Cette angoisse quant à un avenir incertain s’est accrue ces derniers mois. Suite à la fermeture annuelle de fin d’année de 2020-2021, des centaines d’ouvriers et ouvrières ont appris peu avant la reprise, parfois même la veille, qu’ils et elles n’allaient pas retourner au travail. La direction a donc opté pour une « sélection » des salariées, en fonction des problèmes de santé, pour beaucoup causés par les conditions de travail.

Ces ralentissements, essentiellement causés par la pénurie des semi-conducteurs [1], amène à chômer régulièrement : il est banal de travailler des semaines de trois jours ou des journées de cinq heures. Cela montre bien que la semaine de trente-deux heures revendiquée par la CGT et Solidaires est tout à fait possible !

Un bouchon protestataire qui bloque la zone

Cette réorganisation a aussi changé la gestion des paies, décalant d’un mois le versement du salaire variable... sans qu’en soient informées les salariées. Résultat, fin janvier, celles et ceux qui ont eu accès à leur bulletin en ligne ont noté un manque à gagner d’environ 200 à 400 euros, pouvant atteindre 1 000 euros pour certains contre-maîtres.

Quant aux autres, impossible de consulter leur fiche de paie, bloquée par la direction une fois la bourde révélée. Le lendemain matin à Douai, un tract intersyndical appelant à la grève était distribué aux entrées de l’usine. Attroupement, discussions… à tel point qu’un énorme bouchon s’est forme alors aux alentours, bloquant partiellement l’autoroute proche et même jusqu’à l’entrepôt Amazon !
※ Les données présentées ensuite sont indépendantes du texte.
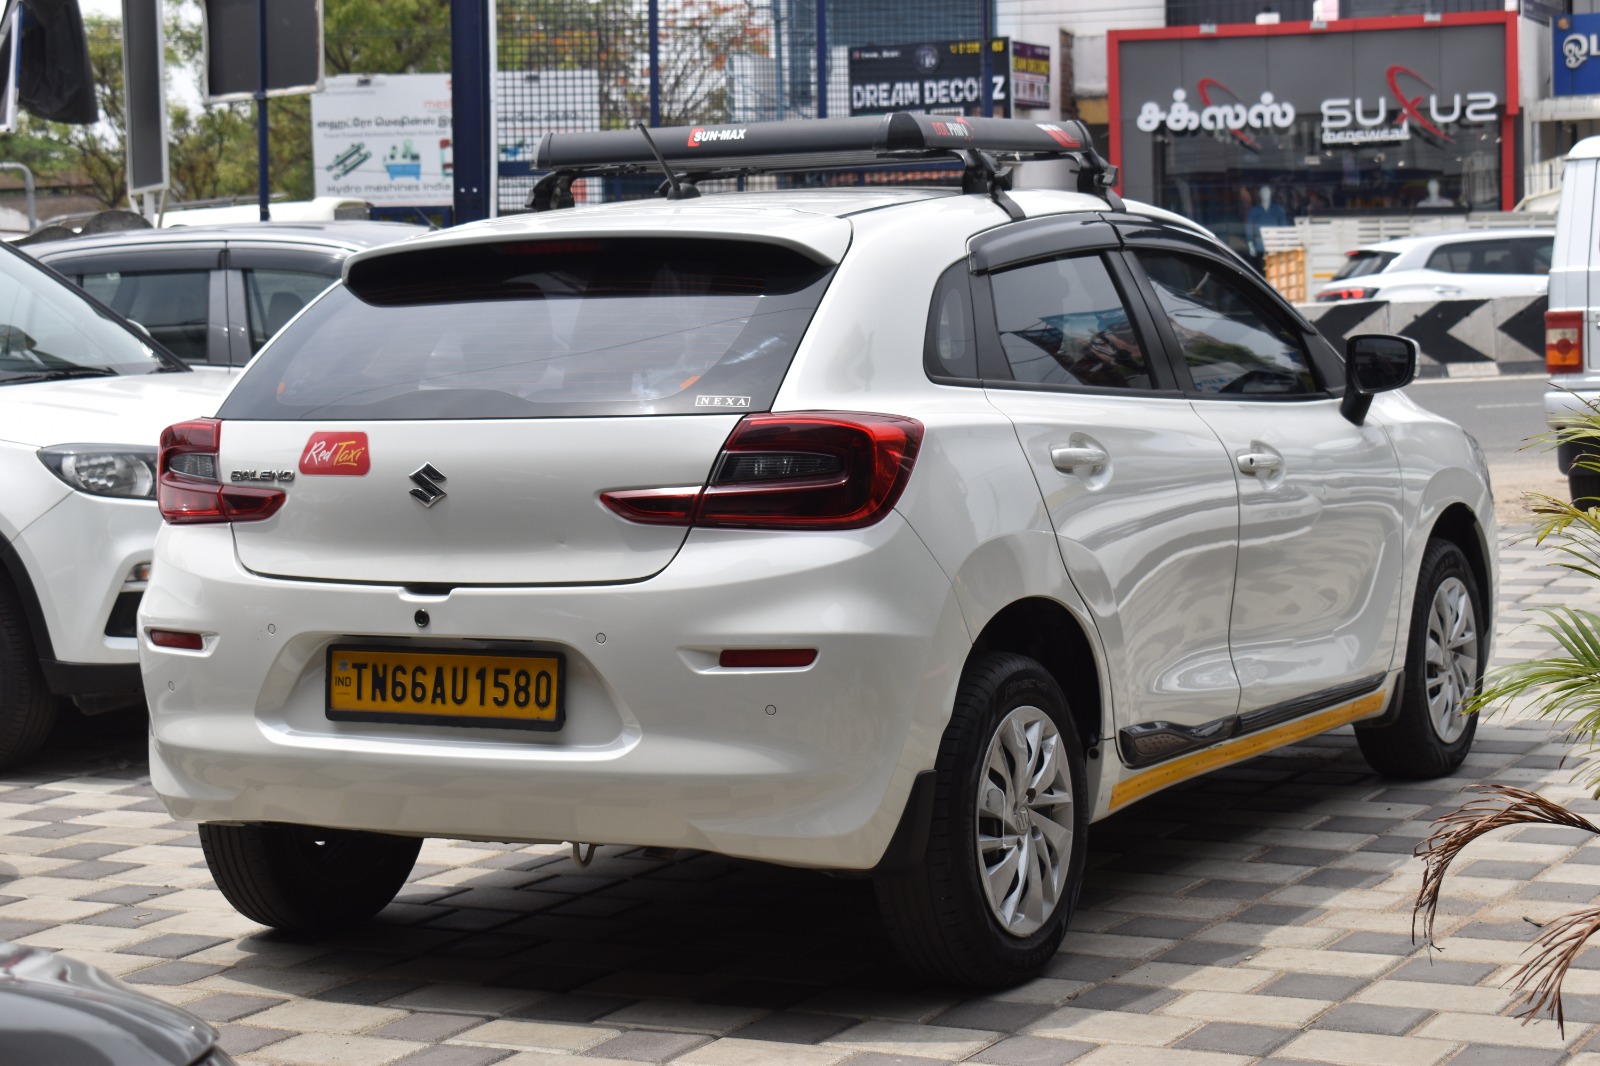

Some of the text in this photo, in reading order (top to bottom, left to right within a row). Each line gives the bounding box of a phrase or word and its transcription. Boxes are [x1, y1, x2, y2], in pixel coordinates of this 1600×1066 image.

[852, 75, 1006, 109] DREAM DECOZ
[1136, 88, 1295, 132] சக்ஸஸ்
[693, 128, 746, 143] SUN-MAX
[1322, 128, 1410, 144] menswear
[327, 184, 363, 195] Hydro
[700, 397, 746, 406] NEXA
[304, 440, 365, 466] Red Taxi
[230, 469, 295, 482] BALENO
[334, 675, 351, 687] IND
[351, 662, 551, 709] TN66AU1580
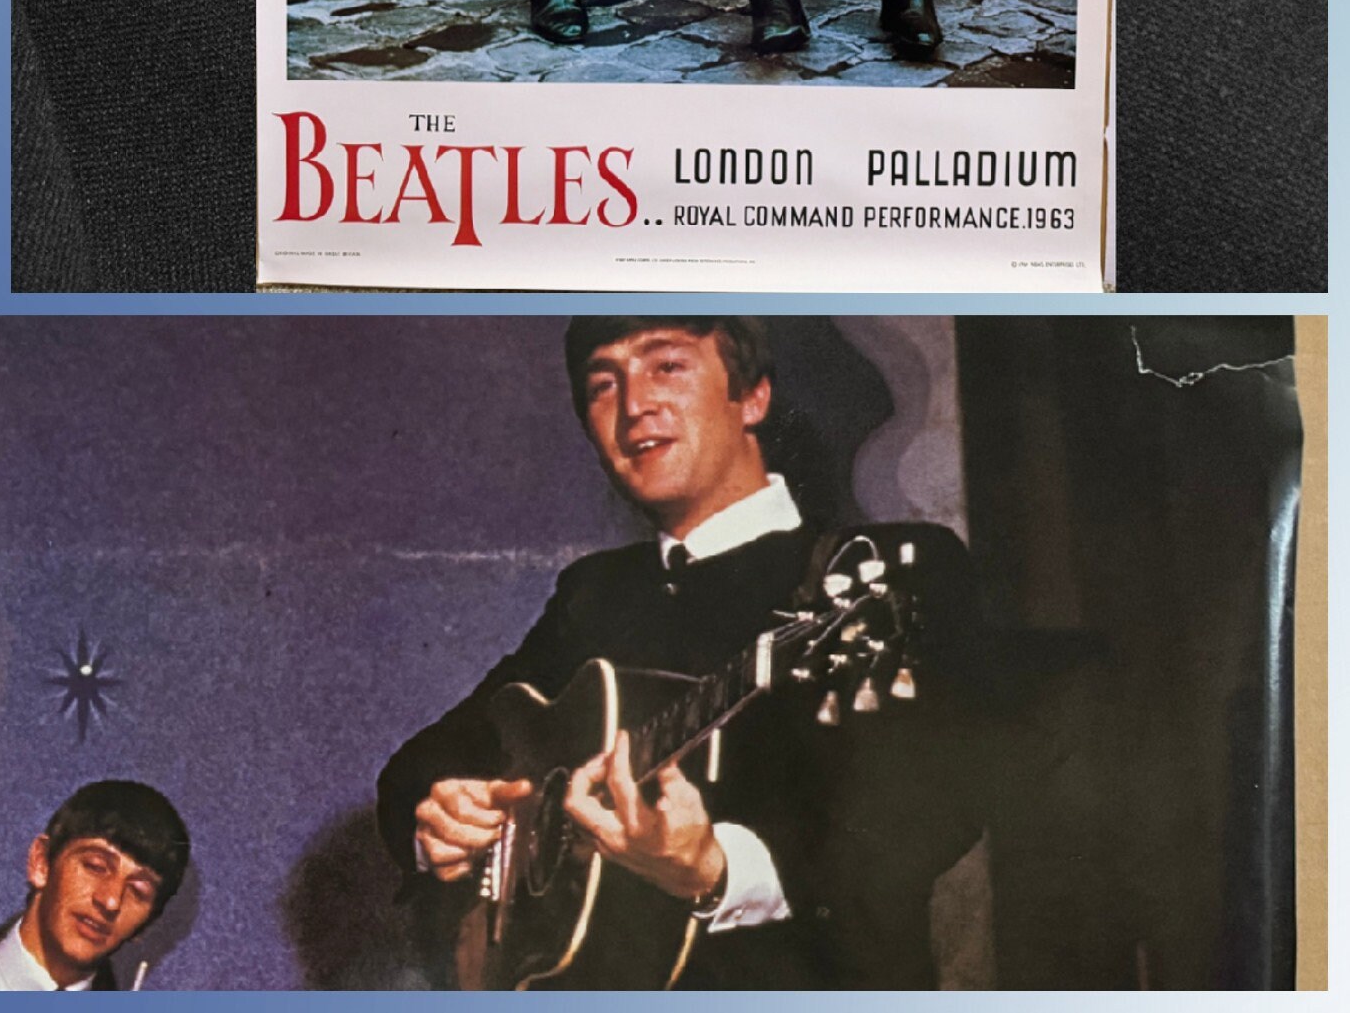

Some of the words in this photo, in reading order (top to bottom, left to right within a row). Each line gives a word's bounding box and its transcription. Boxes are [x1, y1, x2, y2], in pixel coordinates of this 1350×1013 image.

[408, 114, 456, 133] THE
[675, 148, 813, 185] LONDON
[867, 150, 1077, 187] PALLADIUM
[674, 205, 737, 226] ROYAL
[744, 206, 853, 228] COMMAND
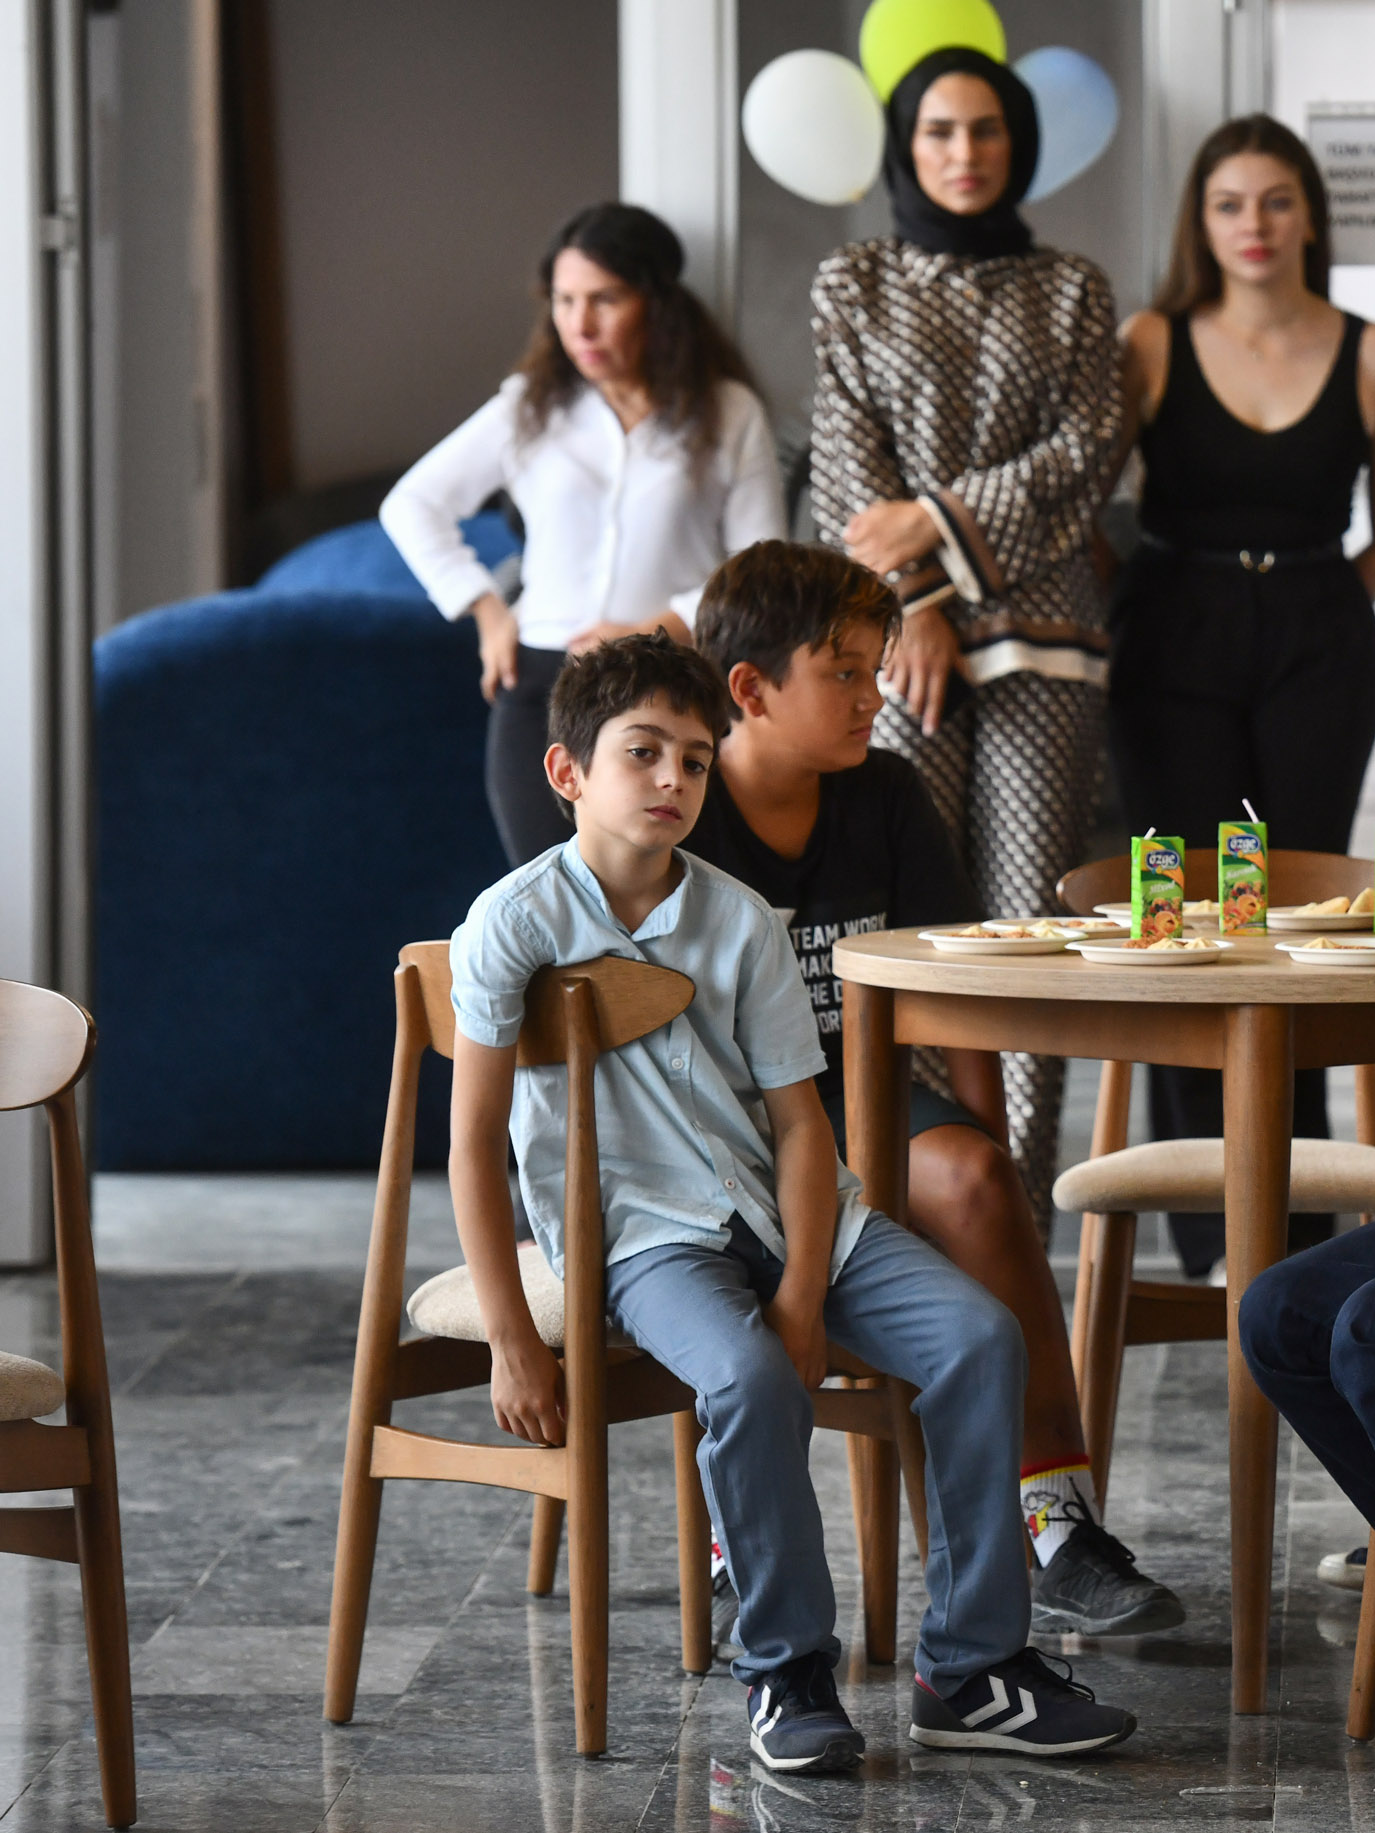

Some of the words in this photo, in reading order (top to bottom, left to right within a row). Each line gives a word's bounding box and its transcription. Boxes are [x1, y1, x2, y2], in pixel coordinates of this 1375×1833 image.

[790, 924, 839, 951] TEAM
[843, 911, 887, 937] WORK
[806, 981, 830, 1006] HE
Il faut remonter à plus d’une décennie pour voir une protestation de cette envergure dans cette tôle ! Alors que des négociations toujours très opaques sont encore en cours, et malgré la morosité ambiante et des syndicats peu combatifs, la direction a donc reçu un bel avertissement directement des salariées. Une première confrontation qui en appelle d’autres.